▶ _EXERCISE DETAILS_:
The expected output is every record below, transcribed exactly, with the pictures left out.

▶ _DATASET EXTRACT_:
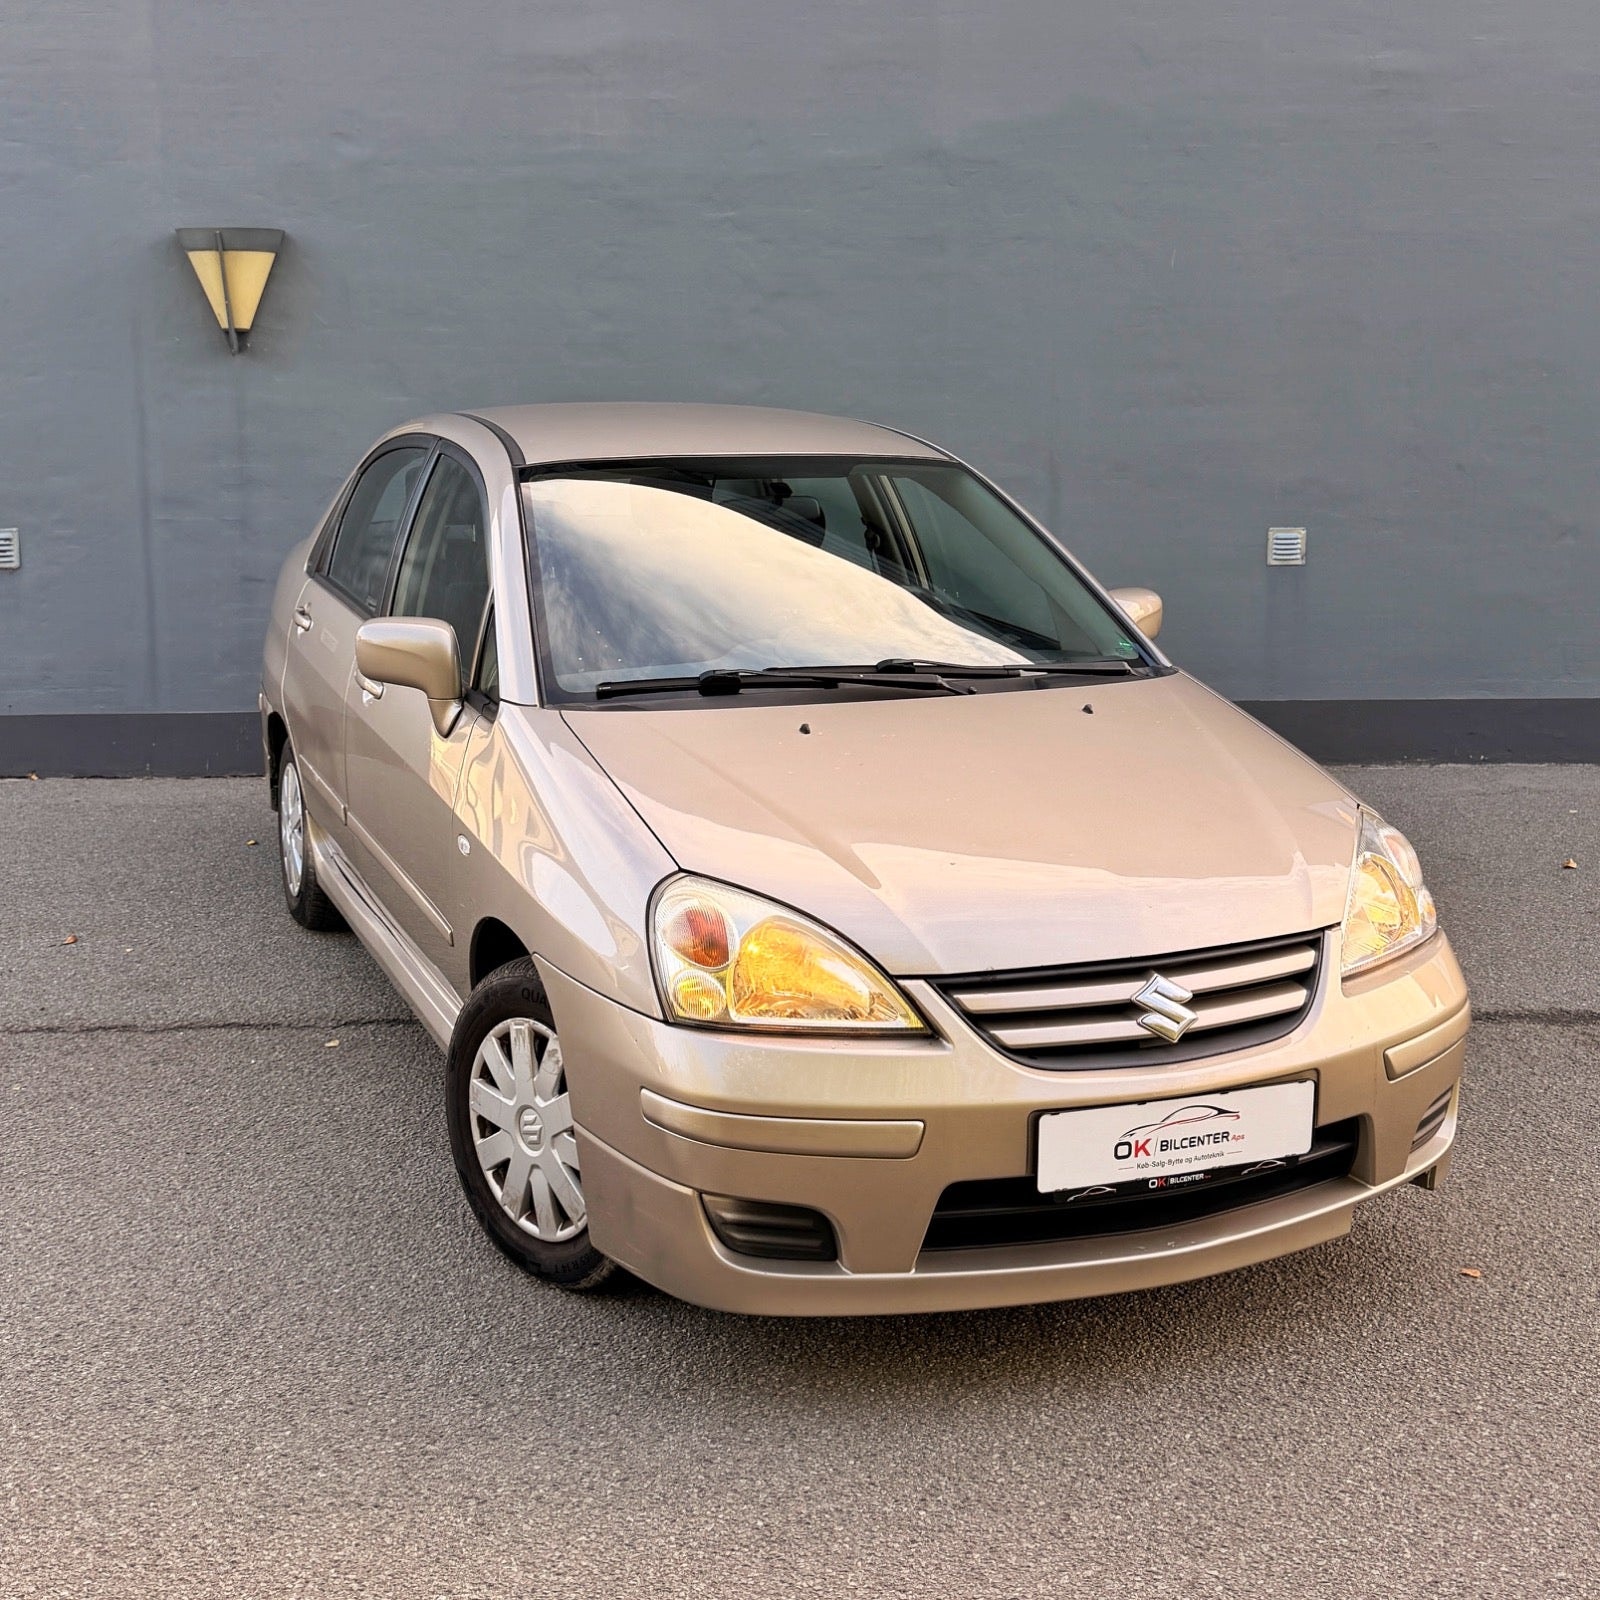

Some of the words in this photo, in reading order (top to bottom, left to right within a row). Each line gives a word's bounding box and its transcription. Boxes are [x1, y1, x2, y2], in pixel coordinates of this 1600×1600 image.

[1114, 1138, 1152, 1160] OK
[1159, 1131, 1230, 1152] BILCENTER
[1230, 1134, 1245, 1142] Aps
[1185, 1156, 1193, 1164] og
[1193, 1151, 1225, 1162] Autoteknik
[1148, 1177, 1166, 1189] OK
[1169, 1173, 1205, 1184] BILCENTER
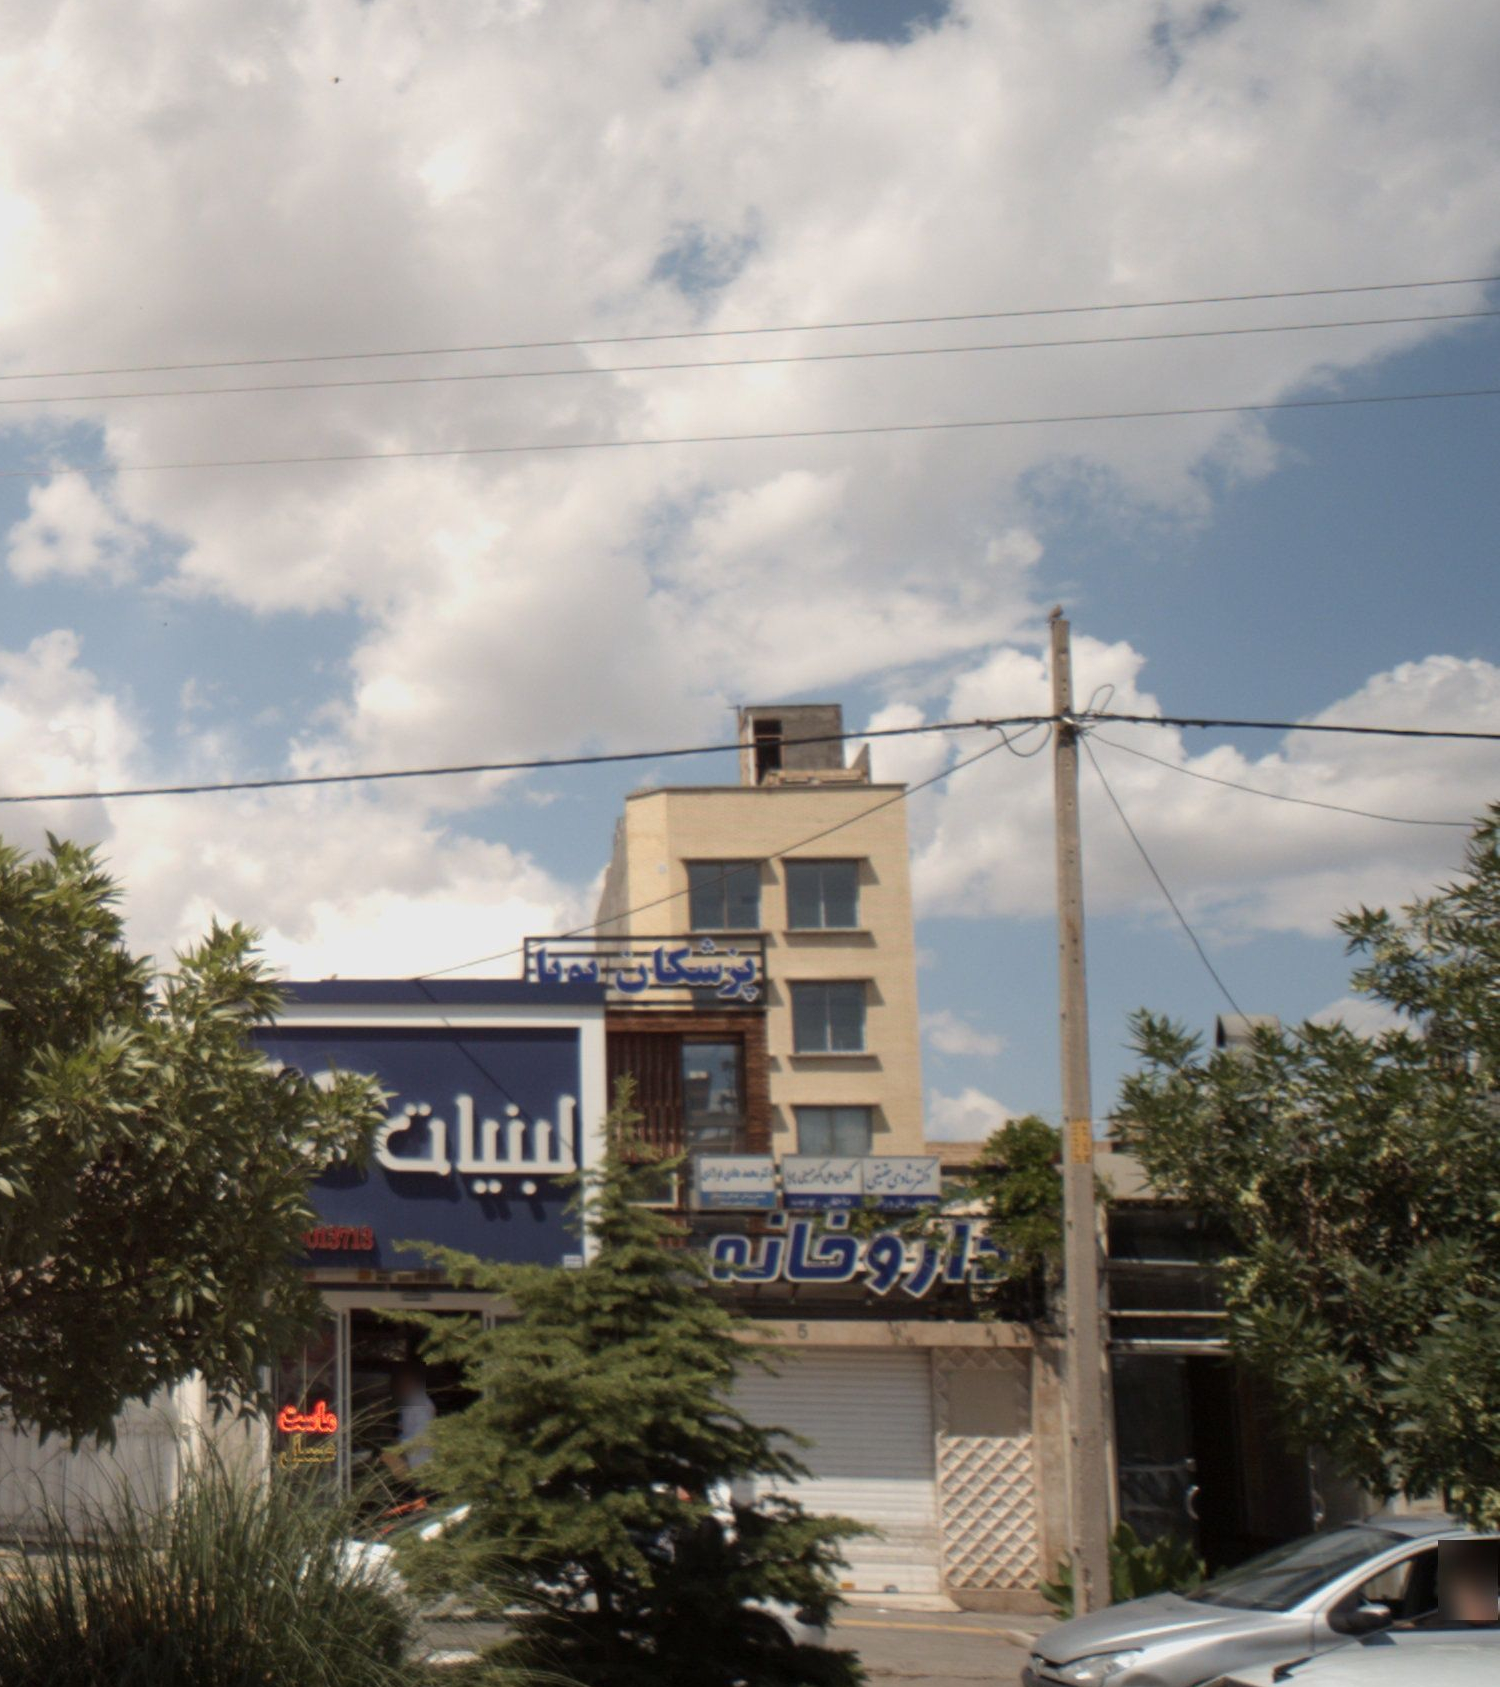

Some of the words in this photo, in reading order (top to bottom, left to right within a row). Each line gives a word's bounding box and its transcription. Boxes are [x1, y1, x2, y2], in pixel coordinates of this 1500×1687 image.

▶ _EXPECTED ANSWER_:
Some of the words in this photo, in reading order (top to bottom, left to right within a row). Each line gives a word's bounding box and its transcription. Boxes are [x1, y1, x2, y2], in pixel coordinates of this 1600×1600 image.

[1114, 1138, 1152, 1160] OK
[1159, 1131, 1230, 1152] BILCENTER
[1230, 1134, 1245, 1142] Aps
[1185, 1156, 1193, 1164] og
[1193, 1151, 1225, 1162] Autoteknik
[1148, 1177, 1166, 1189] OK
[1169, 1173, 1205, 1184] BILCENTER

Some of the words in this photo, in reading order (top to bottom, left to right within a row). Each line gives a word's bounding box and its transcription. Boxes are [x1, y1, x2, y2], in pixel coordinates of this 1500×1687 image.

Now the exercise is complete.